Across the country, virtually every major metropolitan area is following a similar path. City planners are moving away from models of the ‘70s and ‘80s, when they assumed suburbs were for living, cities for business, shopping and entertainment. Instead, they’re citing evidence from the early ‘90s showing that successful downtowns have large and lively residential districts with walkable streets and nearby shopping and leisure activities.

After years of doubt and debate, Sacramento has shifted into high gear following the successful examples of cities like Portland and Seattle. The Saca and Nassi landmark high-rise projects are the most ambitious to date and have the potential to rapidly reshape Sacramento’s downtown while adding significantly to the city’s tax base.
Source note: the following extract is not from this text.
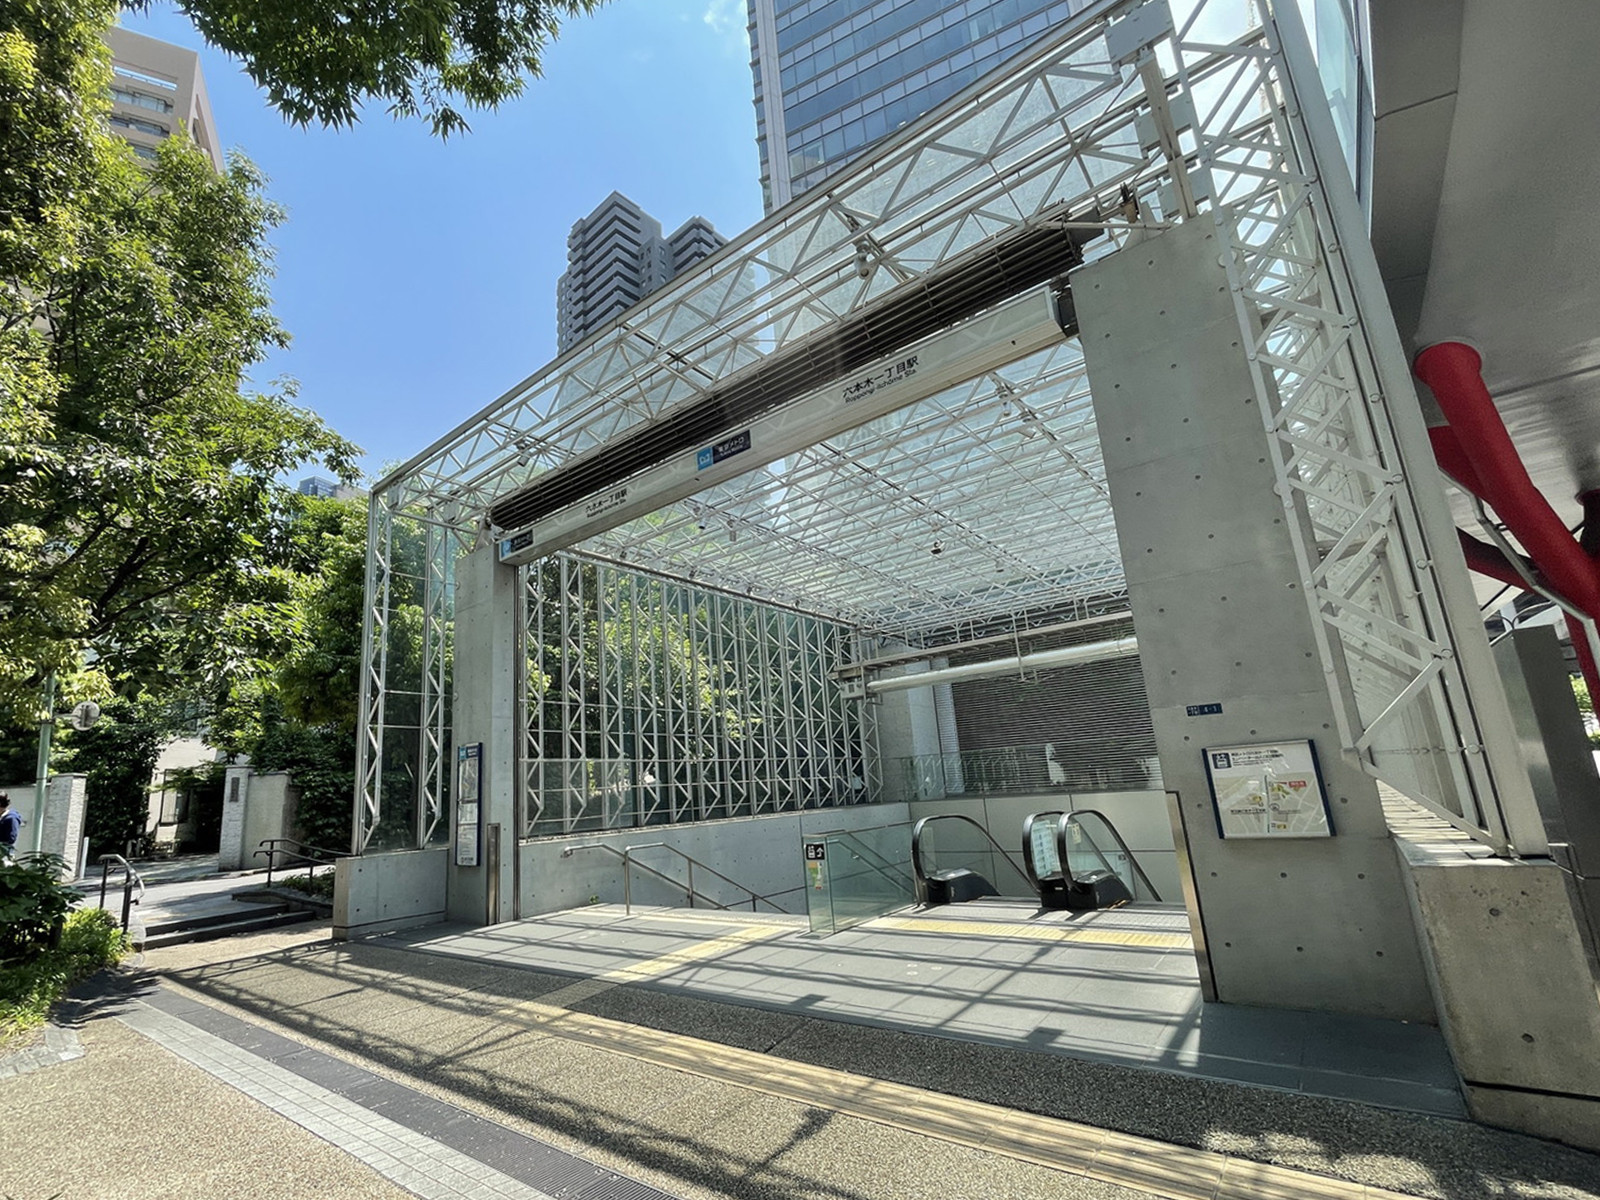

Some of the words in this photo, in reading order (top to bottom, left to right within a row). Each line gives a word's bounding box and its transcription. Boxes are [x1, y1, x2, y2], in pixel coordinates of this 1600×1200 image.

[842, 355, 918, 397] 六本木一丁目駅
[718, 436, 744, 451] 東京メトロ
[586, 488, 627, 512] 六本木一丁目駅
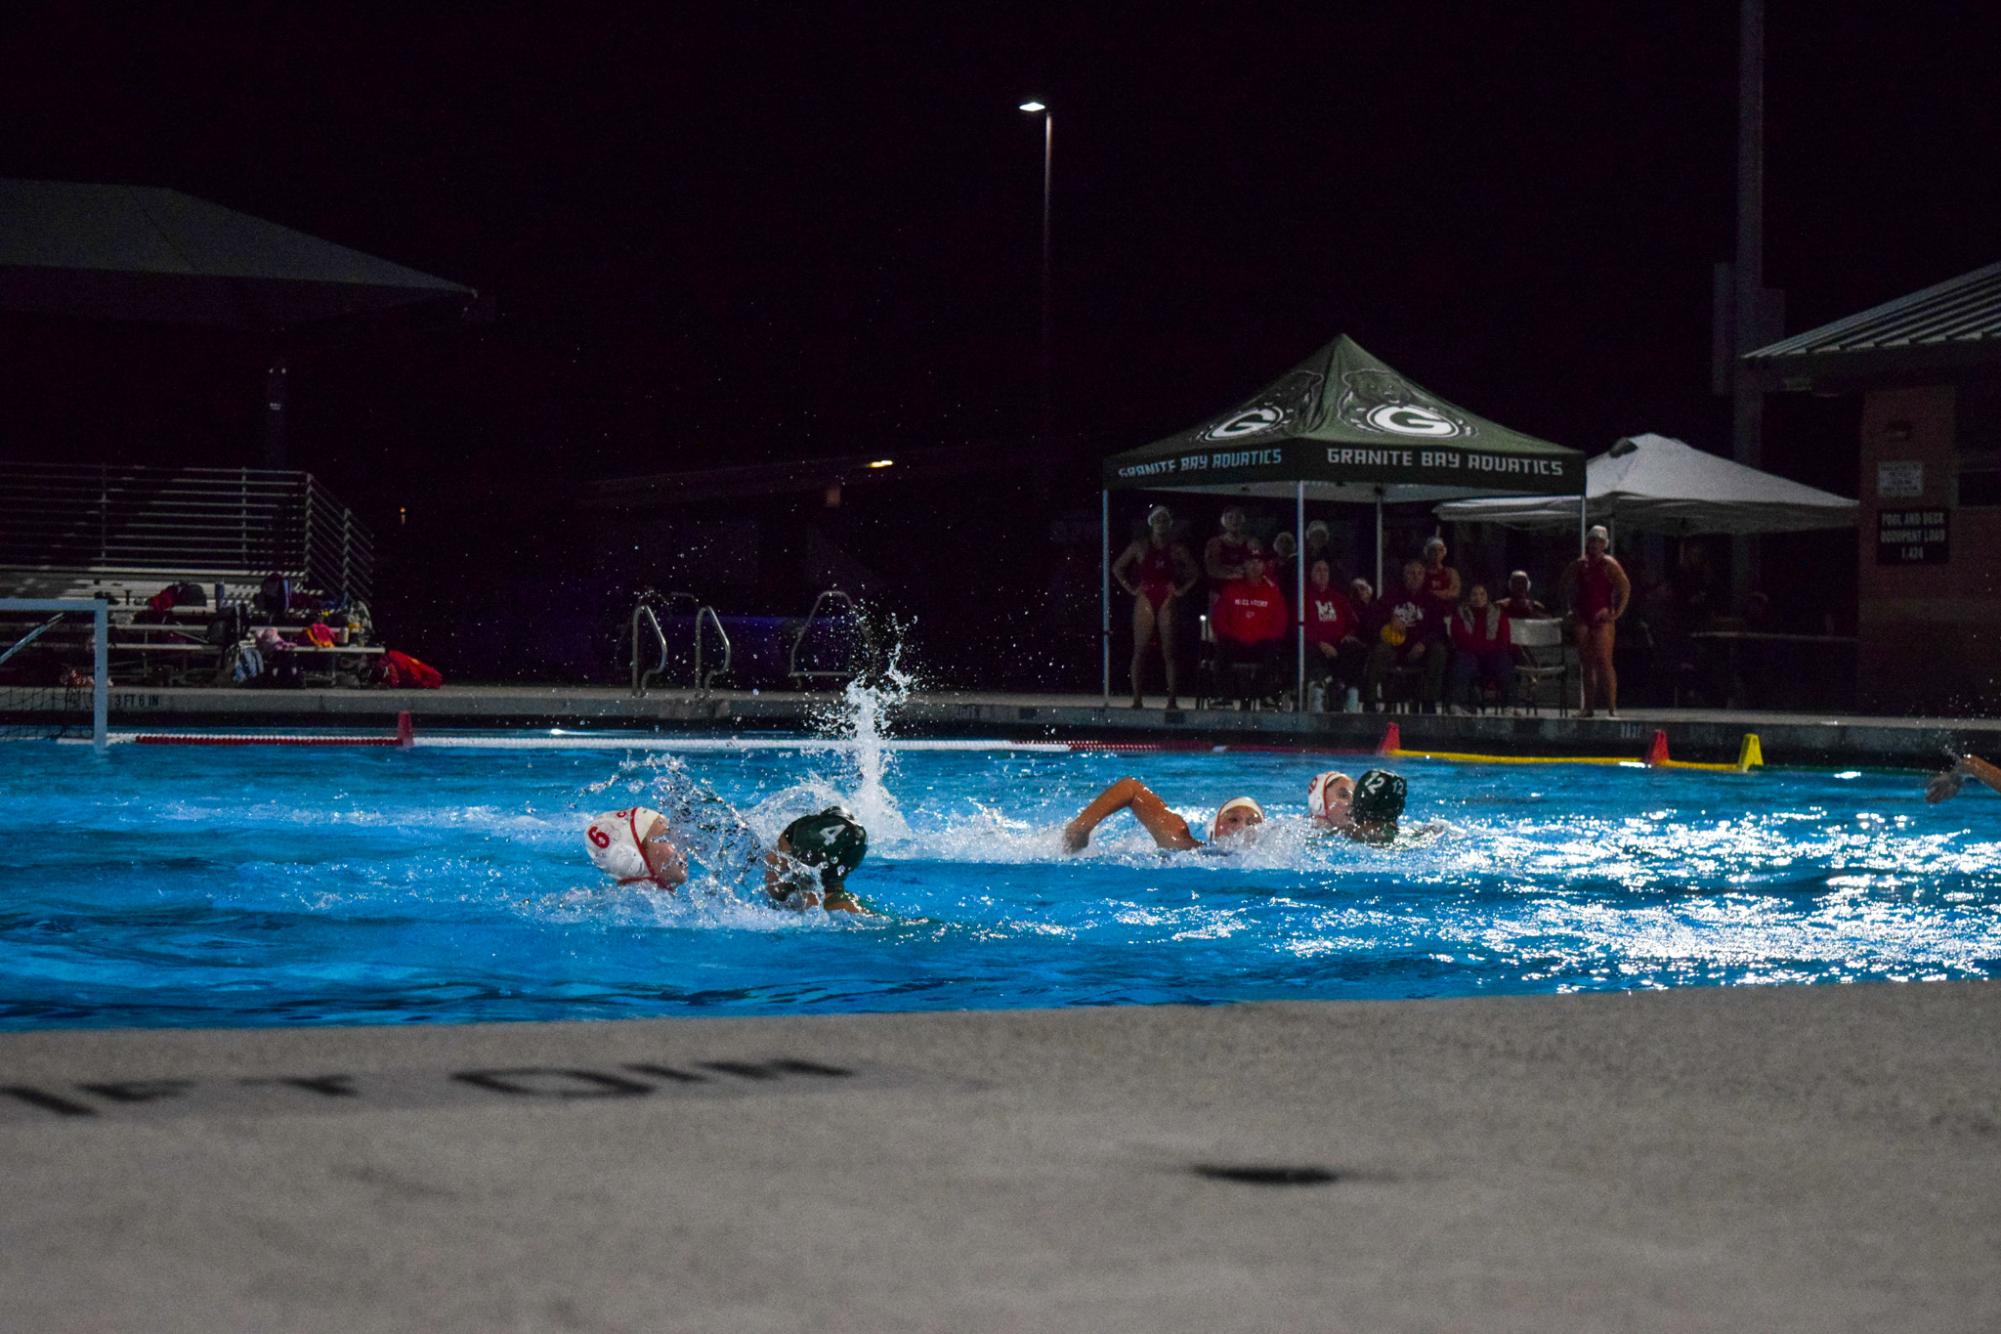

City officials have been enthusiastic but prudent in their support of these projects: They’ve promised only monies from the redevelopment fund (not using any general operating dollars), and they’ve negotiated terms under which the city’s dollars flow to the projects only after construction is complete.

If the Towers and Aura had been built two years ago, I firmly believe they would be fully occupied by now. Already over 50 percent of the Towers and 70 percent of the Aura condominiums are under contract. Unfortunately, their developers have been hit by a double whammy: a slump in the real estate market and a rise in construction costs. But those are simply temporary bumps in the road.

Give our region’s growing population, stable economic growth and pent-up demand for downtown housing, these projects are bound to be successful in the long term. Now is definitely not the time to pull support from two landmark projects sure to help Sacramento.